As quoted in the above op-ed article of New York Times, U.S. Secretary of Defense Chuck Hagel did not succeed in convincing the Russian side about allaying their fears of proposed American missile defense system in Europe. In March 2013 the defense secretary had announced that the U.S. would not go ahead with the fourth and final phase of the European missile defense shield, which was to include long-range interceptors that would have done more than any other part of the program to undermine Russia’s strategic deterrent.
Furthermore, on Iranian nuclear crisis, Russian approach has been of calculations to see that the U.S. gets entangled in prolonged confrontation with Iran as the latter refuses to abandon uranium enrichment program. Undoubtedly, the American policy is to constrain Iran’s power to develop nuclear weapons capability. Had Russia been more cooperative in isolating Iran by declining to supply nuclear fuel and implementing UN economic sanctions against Iran its nuclear program could have been constrained significantly.
In no other field than Syria the Russian attitude has been more problematic seen from the American lens. Russia as mentioned by Job C. Henning is sending advanced anti-ship weapons to Syria and indicates no reluctance to proceed with the delivery of S-300 anti aircraft missile systems-the only purpose of both being to deter potential action by the international community.
Perhaps the influence of fashionable notion that the global shift of power is under way is visible on Russia’s relationship with the U.S. The first official visit of the Chinese president Xi Jinping was to Moscow in March 2013, when Russian president Putin declared “We are not frightened. China does not worry us….China and Russia will cooperate on many questions”. Putin has been quoted by Fiona Hill and Bobo lo, who have explained Russia’s growing interest to cultivate the countries in the east, especially China.
In their Foreign Policy feature “Why Russia is Looking East” the above duo authors have exemplified the increasing cooperation between Russia and China by presenting the example of their joint naval exercises in the Sea of Japan in July 2013. To them Russia also shares the current understanding that the rise of China comes at the expense of the U.S. and the West.
More interestingly the revelations made by American fugitive and former intelligence officer Edward J. Snowden regarding the April 2009 London G-20 summit have impacted negatively on prospects of mobilizing international cooperation in Harold James’ opinion, who is a professor of history and international affairs at Princeton University.

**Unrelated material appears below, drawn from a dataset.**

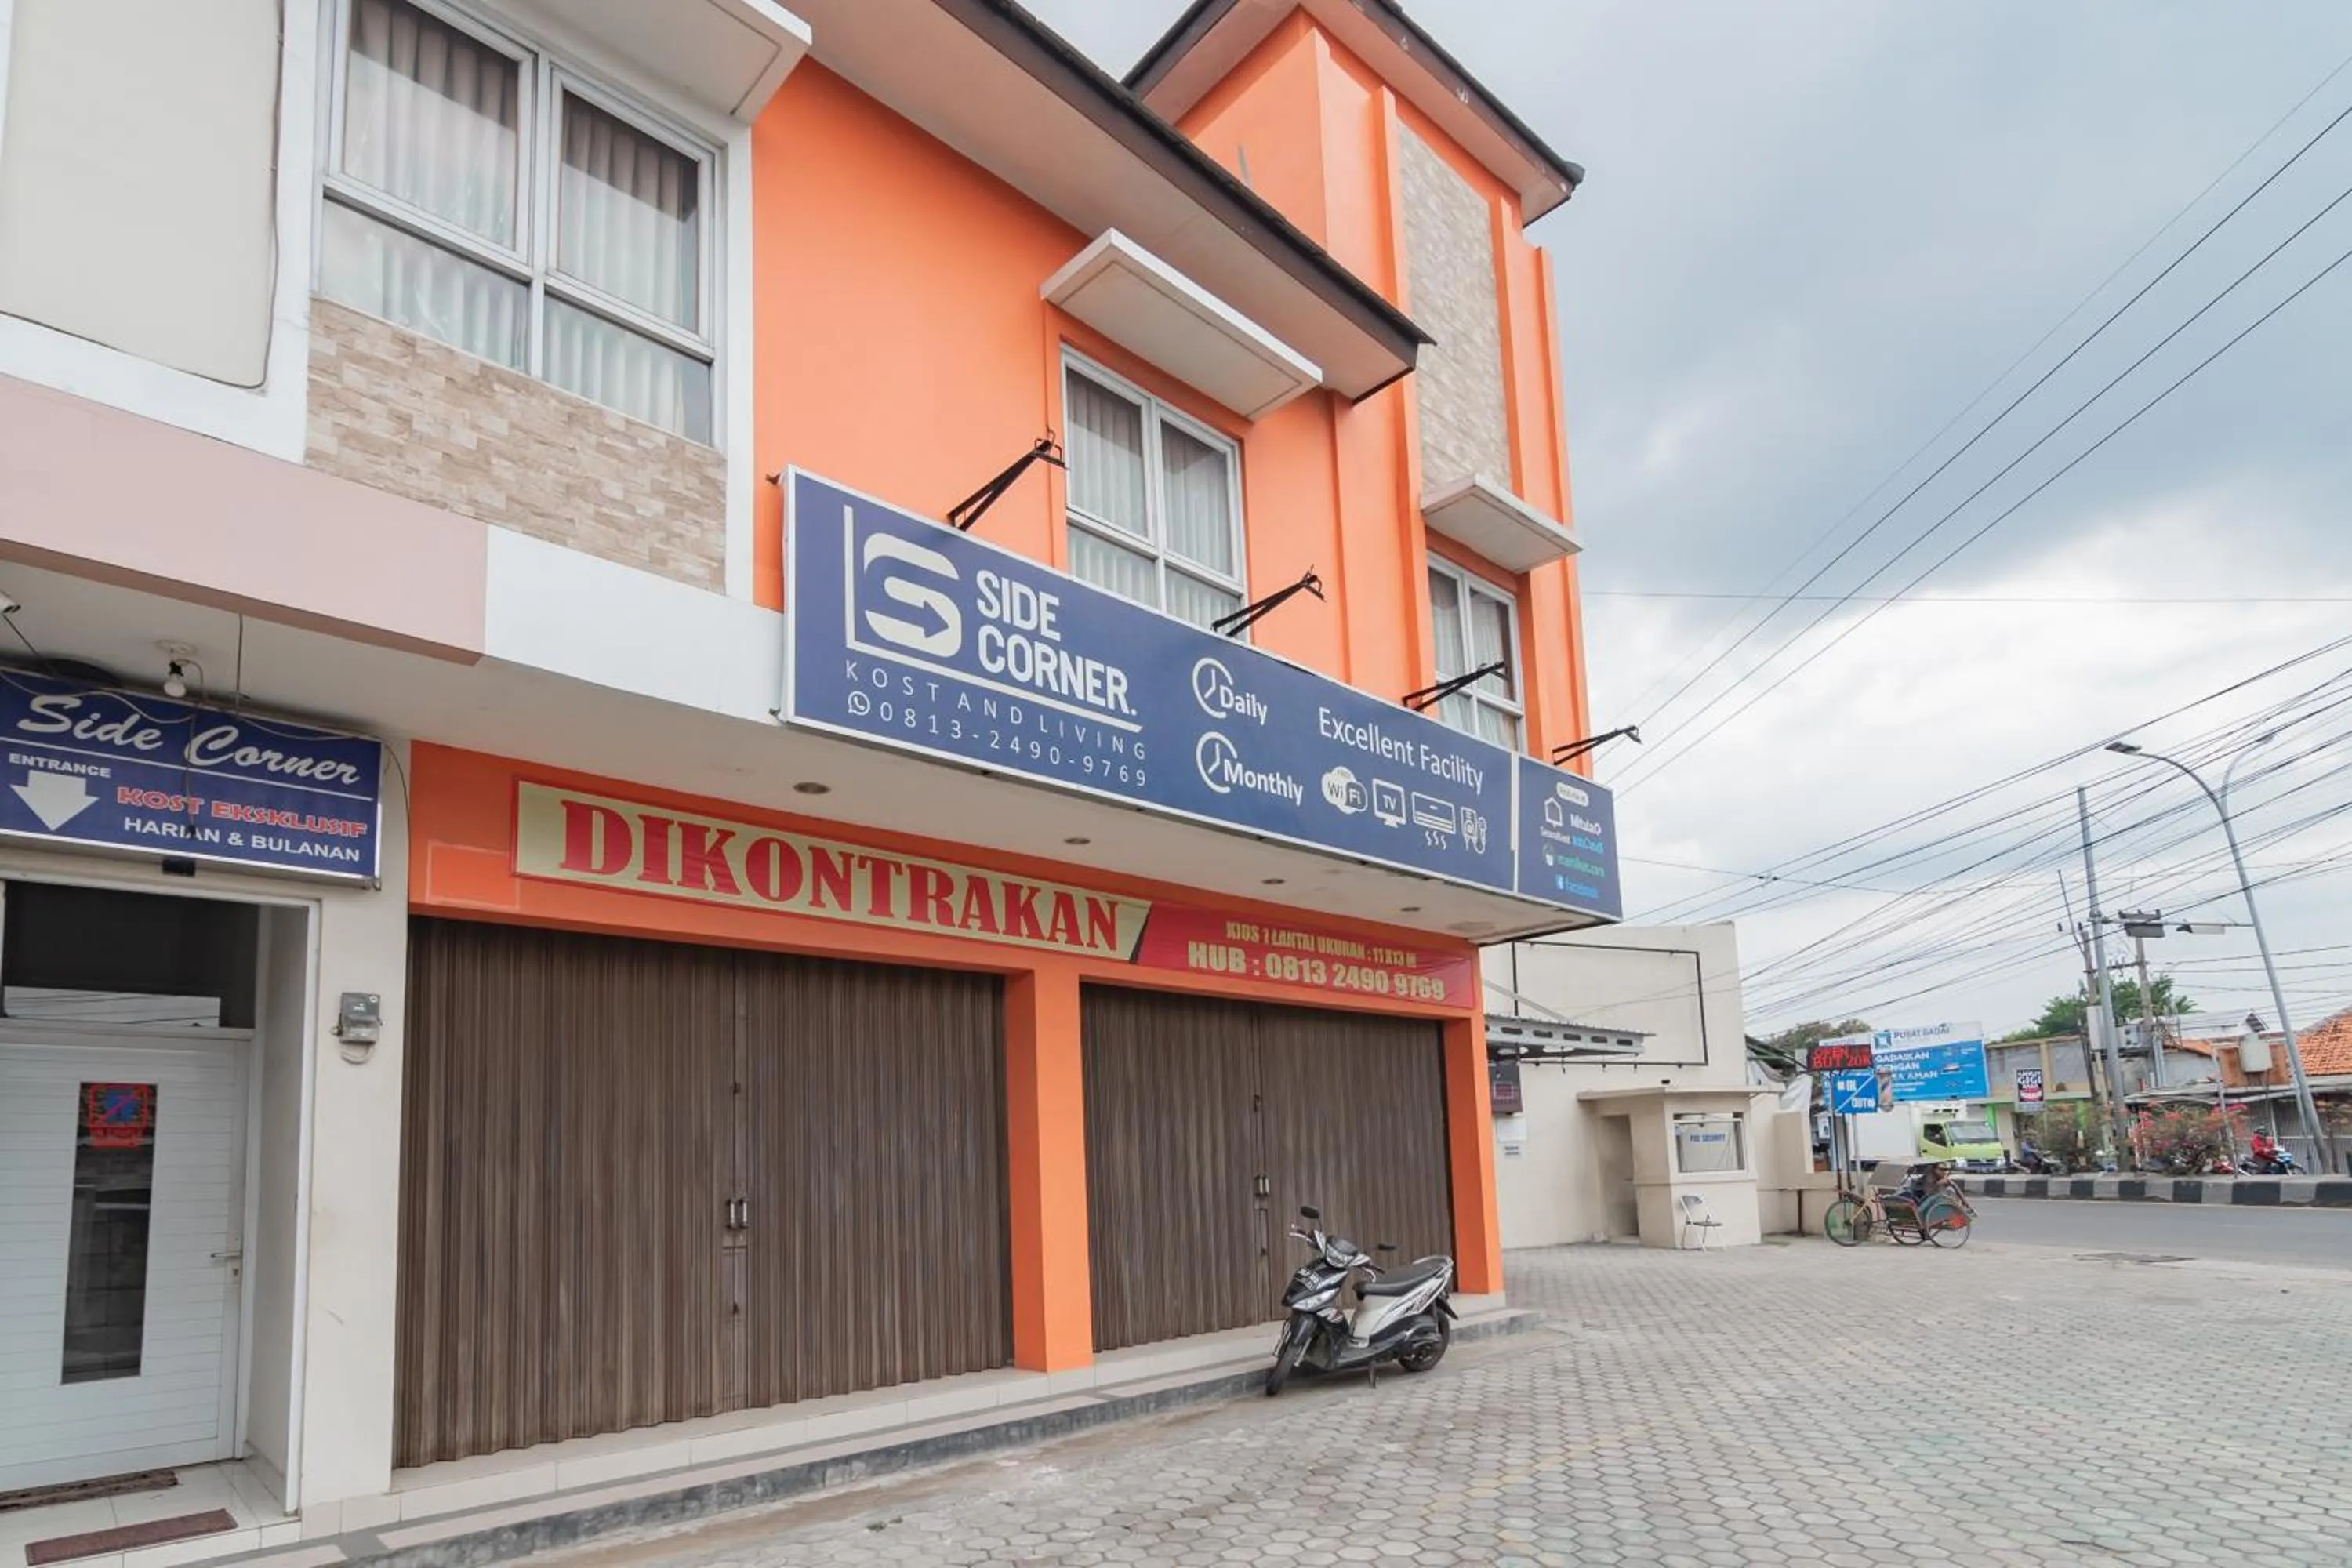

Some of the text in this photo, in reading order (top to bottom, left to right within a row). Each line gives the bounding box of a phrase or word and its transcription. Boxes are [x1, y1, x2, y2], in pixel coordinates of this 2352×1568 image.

In his feature carried by Project-Syndicate “The Snowden Time Bomb” he recalls that the revelations by Snowden that London summit’s British hosts allegedly monitored participants’ communications make it difficult to imagine that the genuine intimacy of earlier summits can ever be recreated. He further notes that with the espionage apparently directed at representatives of emerging economies, the gulf between advanced countries and those on the rise has widened further.
In a globalizing world with interconnectedness becoming the lifeline of present day countries, the opportunistic relationship of the U.S. and Russia can never be helpful. International cooperation is a must to resolving common problems that transcend national boundaries. With power comes greater responsibility. Therefore, it behooves on both America and Russia to manage their bilateral relations in a way that becomes conducive to better mobilize international cooperation for the common benefit of mankind.